[Text-to-region grounding data]
☆ ☆ ☆ ☆ ☆
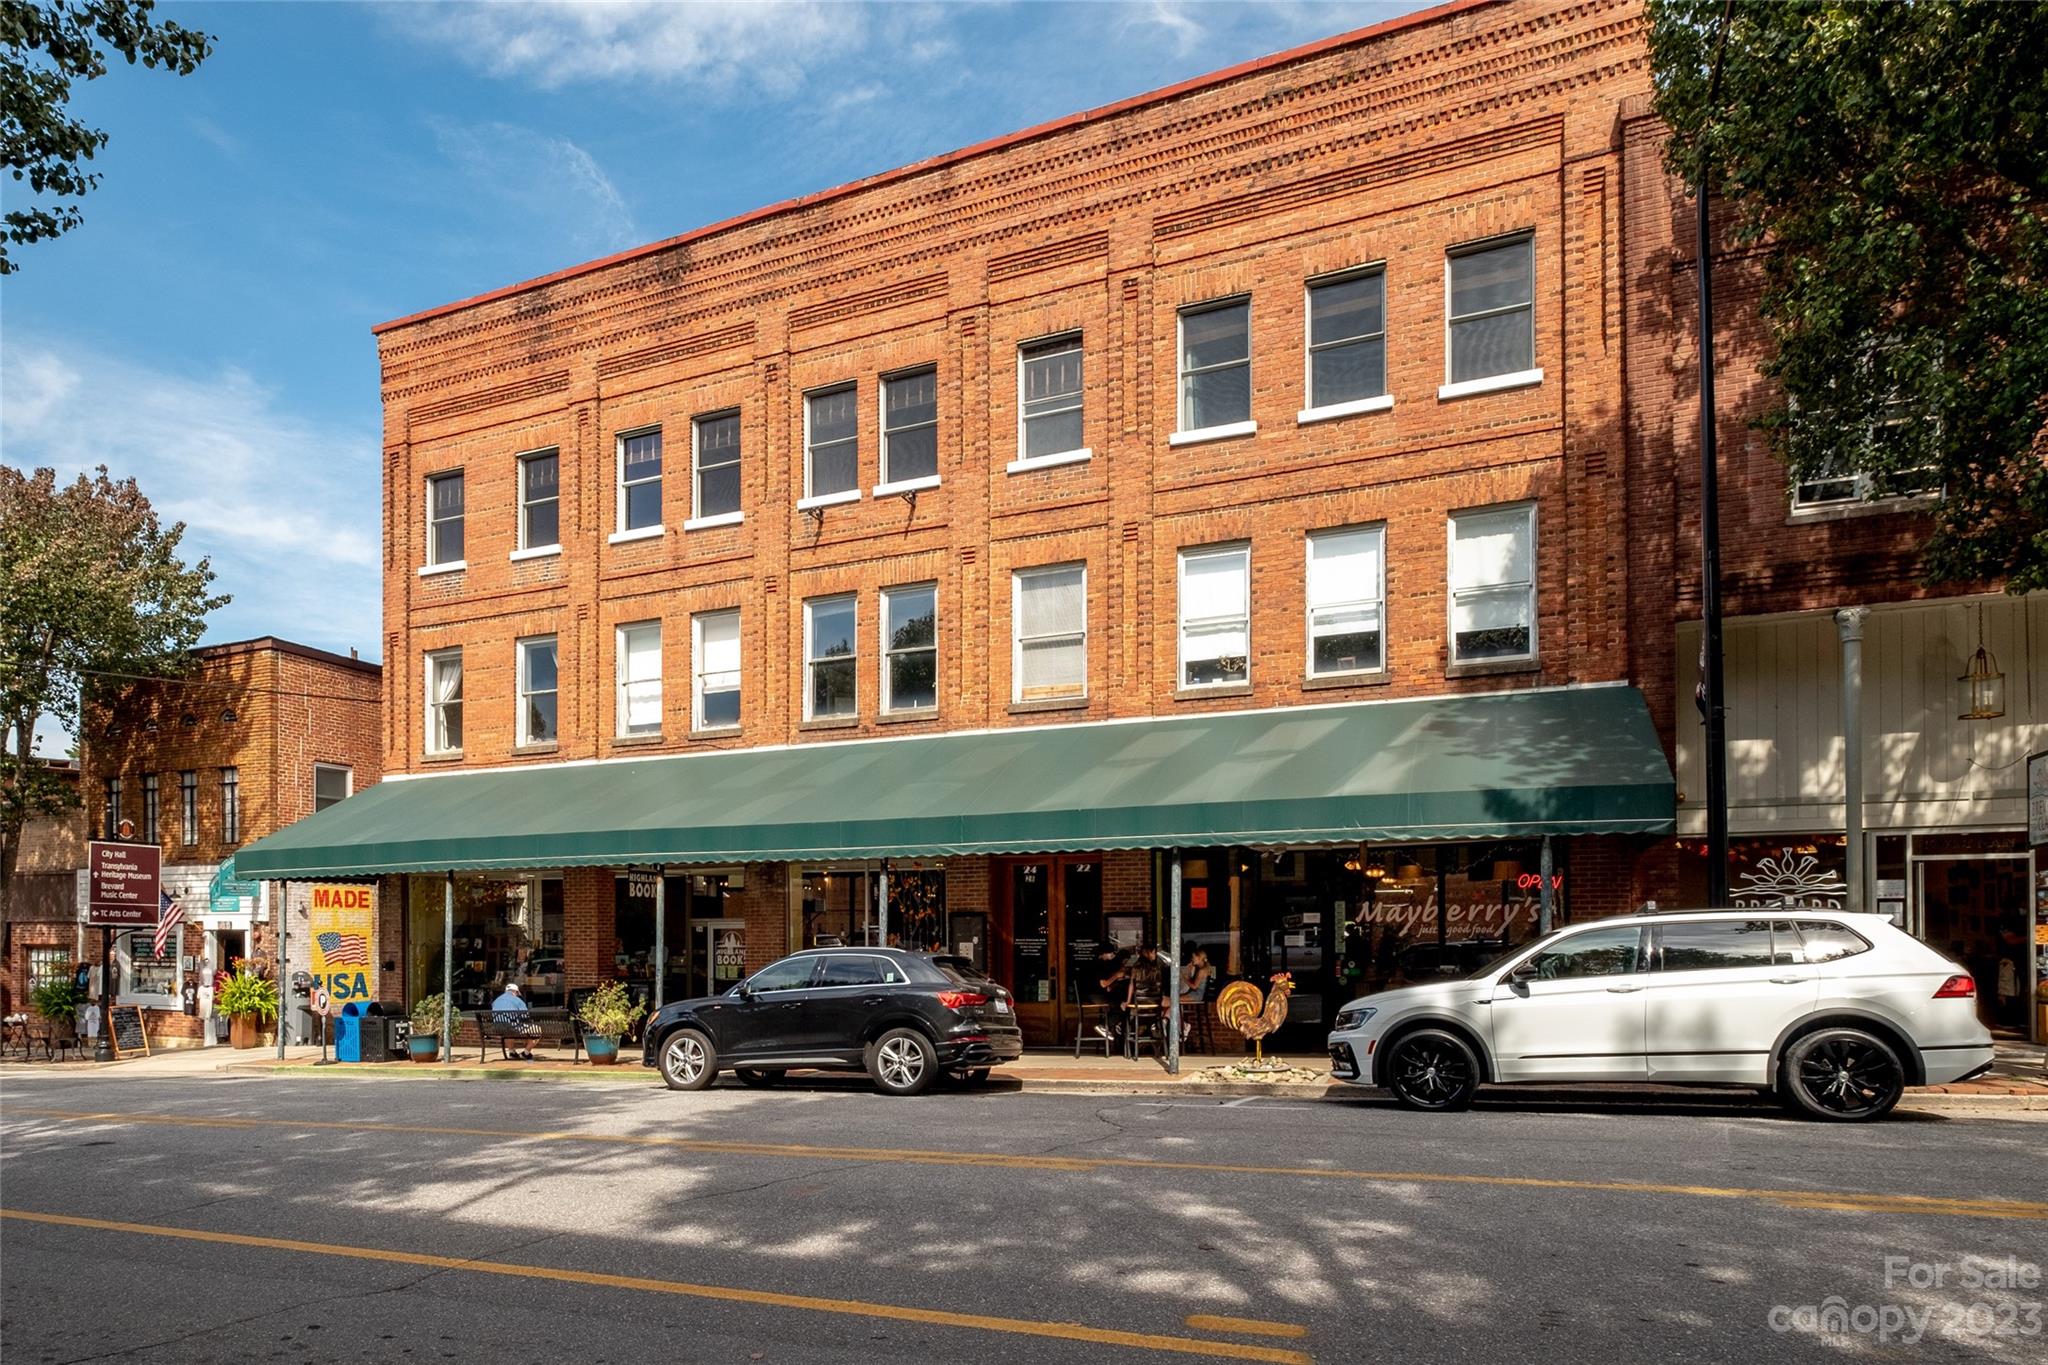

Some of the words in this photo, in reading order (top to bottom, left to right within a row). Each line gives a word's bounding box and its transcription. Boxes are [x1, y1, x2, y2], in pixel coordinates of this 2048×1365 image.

[101, 850, 114, 859] City
[114, 851, 127, 859] Hall
[101, 862, 138, 871] Transylvania
[1023, 866, 1038, 874] 24
[1076, 864, 1092, 873] 22
[101, 871, 127, 880] Heritage
[127, 872, 152, 880] Museum
[629, 873, 657, 883] HIGHLAN
[101, 882, 124, 890] Brevard
[629, 882, 657, 898] BOOK
[100, 891, 117, 899] Music
[118, 892, 138, 900] Center
[314, 889, 370, 909] MADE
[100, 909, 109, 917] TC
[122, 910, 142, 918] Center
[1355, 894, 1541, 937] Mayberry's
[1445, 923, 1471, 938] good
[1469, 923, 1495, 938] food
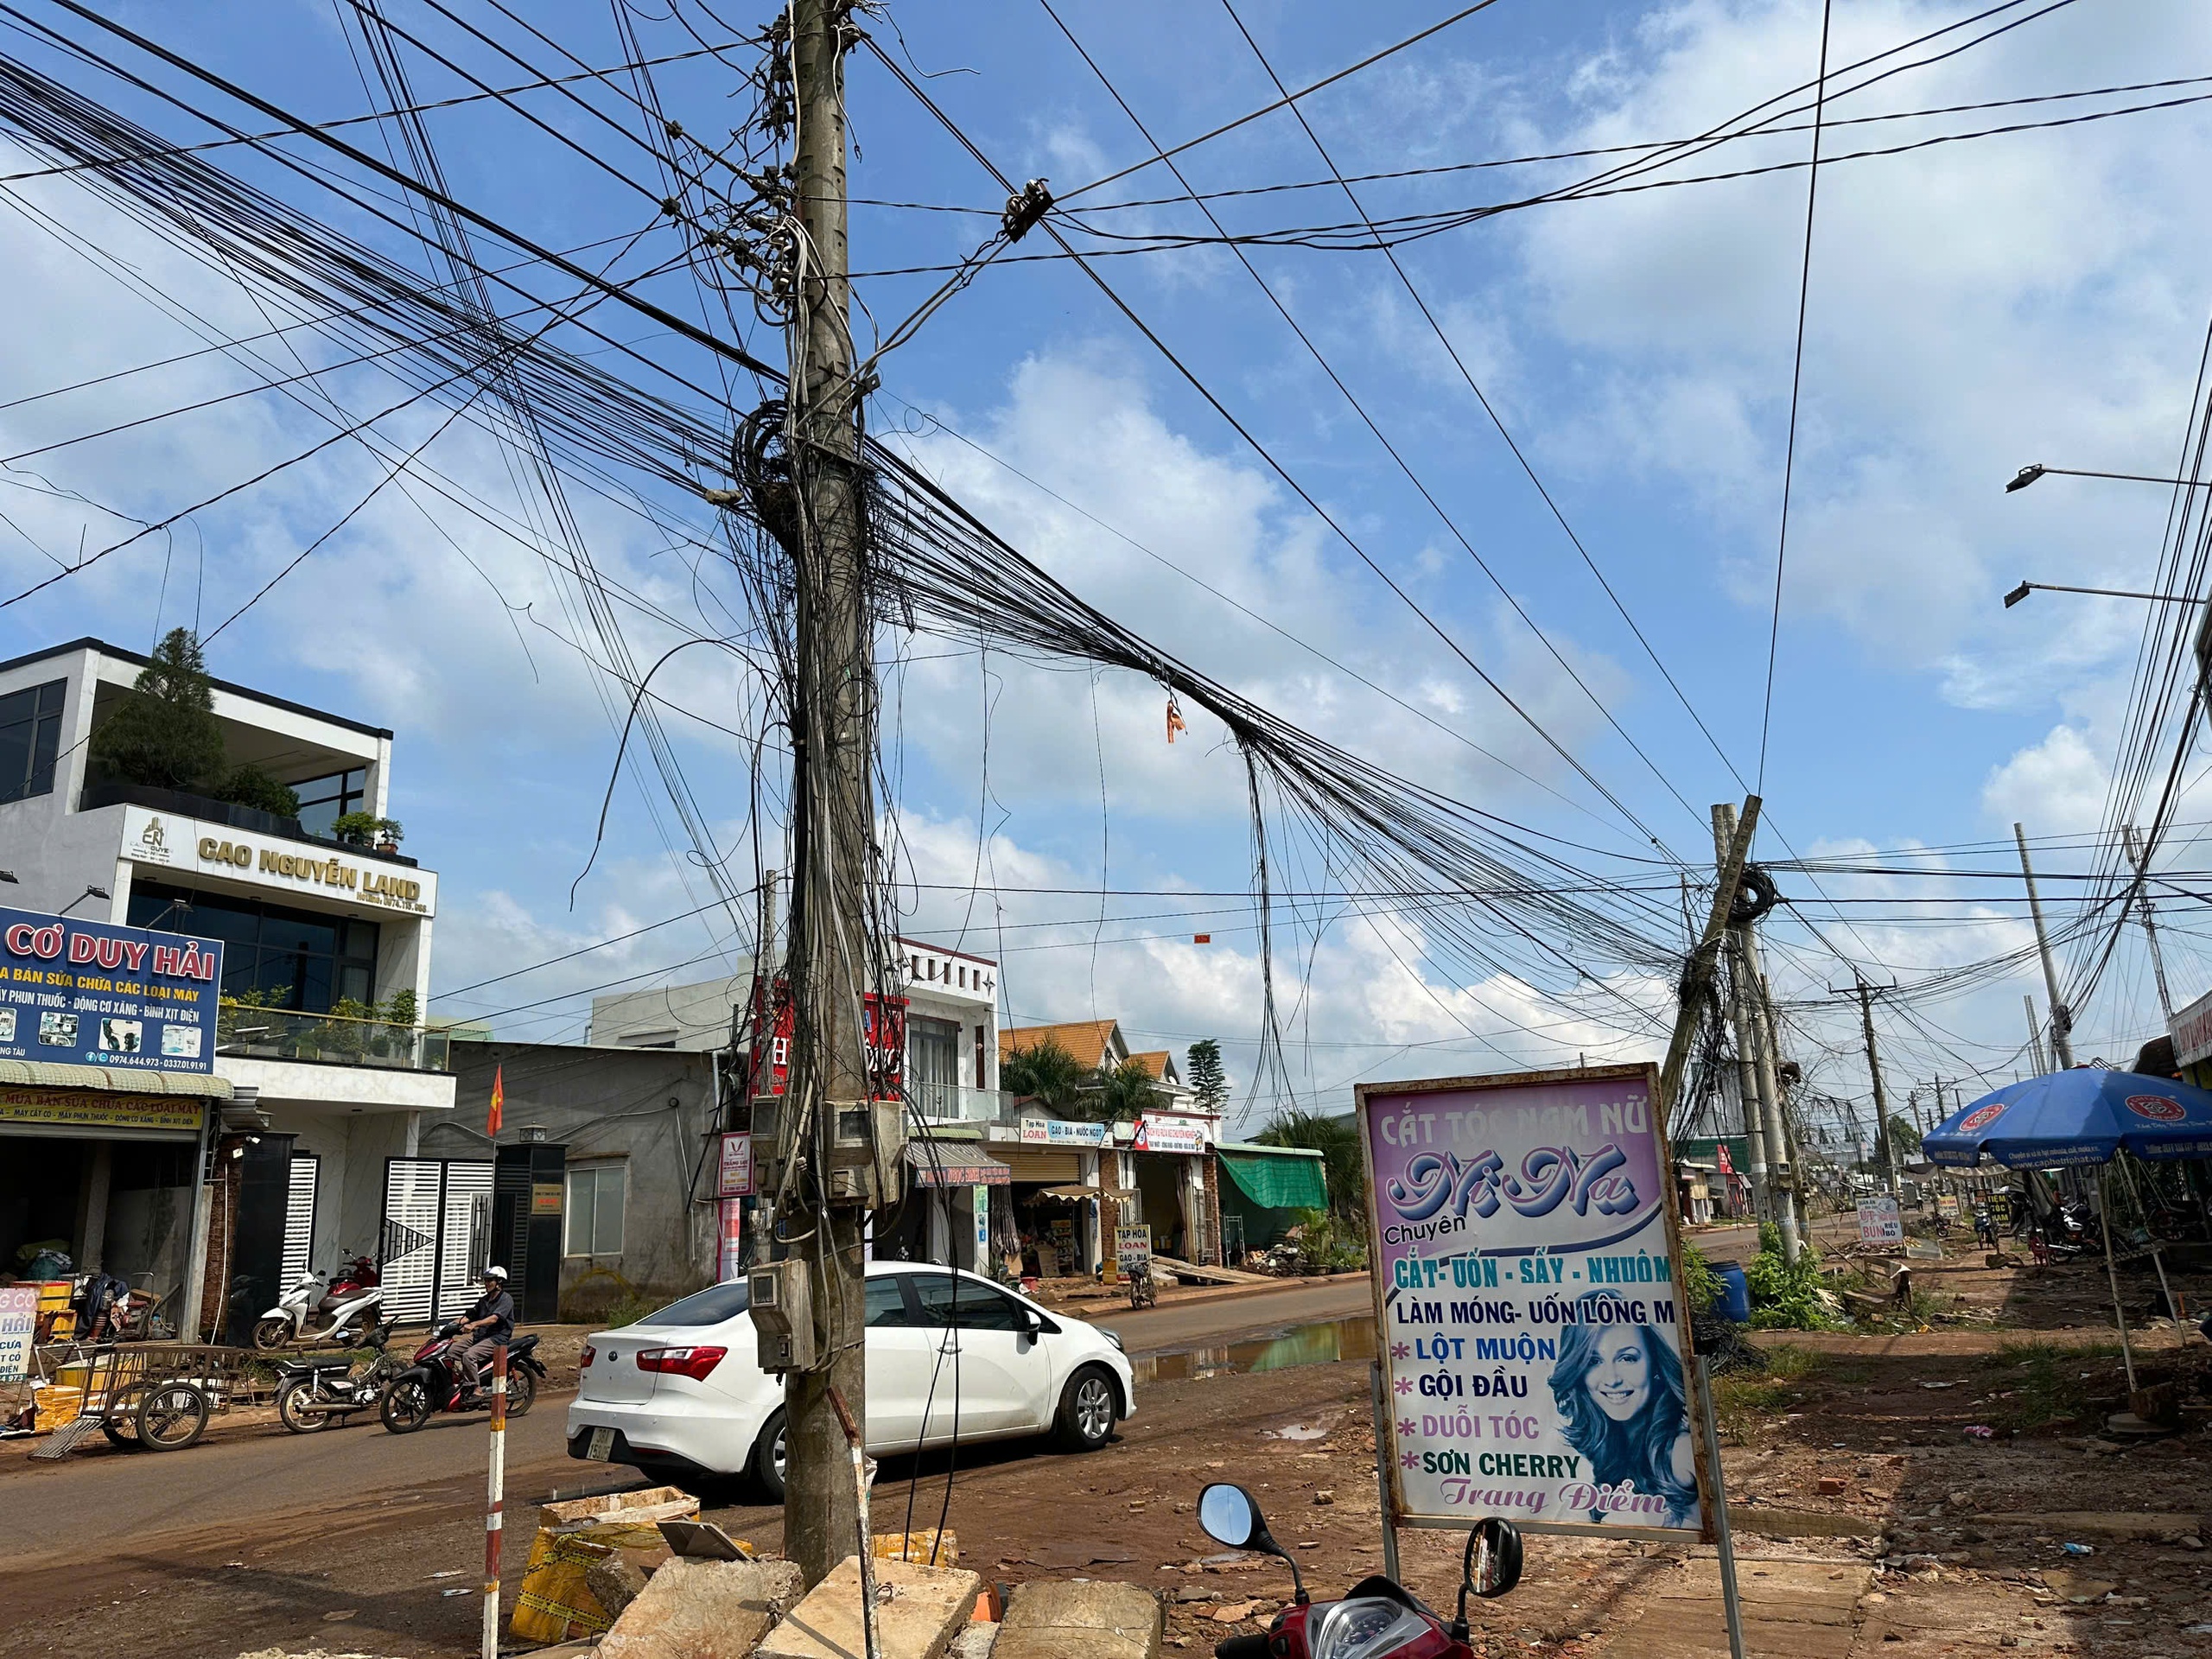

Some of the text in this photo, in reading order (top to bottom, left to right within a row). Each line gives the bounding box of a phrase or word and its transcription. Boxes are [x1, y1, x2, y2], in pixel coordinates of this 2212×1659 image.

[199, 837, 252, 866] CAO
[362, 871, 421, 899] LAND
[5, 923, 215, 980] CƠ DUY HẢI
[13, 967, 42, 982] BÁN
[46, 969, 73, 987] SỬA
[77, 974, 112, 991] CHỮA
[115, 979, 141, 995] CÁC
[143, 984, 170, 1001] LOẠI
[173, 986, 200, 1002] MÁY
[9, 990, 35, 1005] PHUN
[36, 991, 66, 1008] THUỐC
[73, 995, 98, 1013] ĐỘNG
[99, 999, 112, 1013] CƠ
[113, 1000, 137, 1016] XĂNG
[144, 1004, 163, 1020] BÌNH
[165, 1007, 179, 1022] XỊT
[181, 1008, 200, 1024] ĐIỆN
[13, 1046, 26, 1057] TÀU
[110, 1054, 159, 1067] 0974.644.973
[163, 1058, 207, 1071] 0337.01.91.91
[5, 1094, 32, 1105] MUA
[1022, 1129, 1047, 1140] LOAN
[1381, 1102, 1436, 1147] CẮT
[1599, 1095, 1649, 1135] NỮ
[1384, 1216, 1467, 1246] Chuyên
[1451, 1247, 1498, 1288] UỐN
[1519, 1245, 1564, 1284] SẤY
[2, 1313, 33, 1334] HẢI
[1396, 1296, 1444, 1325] LÀM
[1529, 1292, 1577, 1325] UỐN
[1582, 1294, 1648, 1325] LÔNG
[1415, 1332, 1556, 1365] LỘT MUỘN
[1419, 1365, 1529, 1402] GỘI ĐẦU
[1422, 1403, 1540, 1440] DUỖI TÓC
[1422, 1448, 1581, 1479] SƠN CHERRY
[1440, 1478, 1670, 1515] Trang Điểm
☆ ☆ ☆ ☆ ☆
**Exercise requirements**
Repeat the records in full, exactly as they appear, but with the pictures removed.

**Written solution**
Some of the words in this photo, in reading order (top to bottom, left to right within a row). Each line gives a word's bounding box and its transcription. Boxes are [x1, y1, x2, y2], in pixel coordinates of this 2048×1365 image.

[101, 850, 114, 859] City
[114, 851, 127, 859] Hall
[101, 862, 138, 871] Transylvania
[1023, 866, 1038, 874] 24
[1076, 864, 1092, 873] 22
[101, 871, 127, 880] Heritage
[127, 872, 152, 880] Museum
[629, 873, 657, 883] HIGHLAN
[101, 882, 124, 890] Brevard
[629, 882, 657, 898] BOOK
[100, 891, 117, 899] Music
[118, 892, 138, 900] Center
[314, 889, 370, 909] MADE
[100, 909, 109, 917] TC
[122, 910, 142, 918] Center
[1355, 894, 1541, 937] Mayberry's
[1445, 923, 1471, 938] good
[1469, 923, 1495, 938] food

Some of the text in this photo, in reading order (top to bottom, left to right within a row). Each line gives the bounding box of a phrase or word and its transcription. Boxes are [x1, y1, x2, y2], in pixel coordinates of this 2212×1659 image.

[199, 837, 252, 866] CAO
[362, 871, 421, 899] LAND
[5, 923, 215, 980] CƠ DUY HẢI
[13, 967, 42, 982] BÁN
[46, 969, 73, 987] SỬA
[77, 974, 112, 991] CHỮA
[115, 979, 141, 995] CÁC
[143, 984, 170, 1001] LOẠI
[173, 986, 200, 1002] MÁY
[9, 990, 35, 1005] PHUN
[36, 991, 66, 1008] THUỐC
[73, 995, 98, 1013] ĐỘNG
[99, 999, 112, 1013] CƠ
[113, 1000, 137, 1016] XĂNG
[144, 1004, 163, 1020] BÌNH
[165, 1007, 179, 1022] XỊT
[181, 1008, 200, 1024] ĐIỆN
[13, 1046, 26, 1057] TÀU
[110, 1054, 159, 1067] 0974.644.973
[163, 1058, 207, 1071] 0337.01.91.91
[5, 1094, 32, 1105] MUA
[1022, 1129, 1047, 1140] LOAN
[1381, 1102, 1436, 1147] CẮT
[1599, 1095, 1649, 1135] NỮ
[1384, 1216, 1467, 1246] Chuyên
[1451, 1247, 1498, 1288] UỐN
[1519, 1245, 1564, 1284] SẤY
[2, 1313, 33, 1334] HẢI
[1396, 1296, 1444, 1325] LÀM
[1529, 1292, 1577, 1325] UỐN
[1582, 1294, 1648, 1325] LÔNG
[1415, 1332, 1556, 1365] LỘT MUỘN
[1419, 1365, 1529, 1402] GỘI ĐẦU
[1422, 1403, 1540, 1440] DUỖI TÓC
[1422, 1448, 1581, 1479] SƠN CHERRY
[1440, 1478, 1670, 1515] Trang Điểm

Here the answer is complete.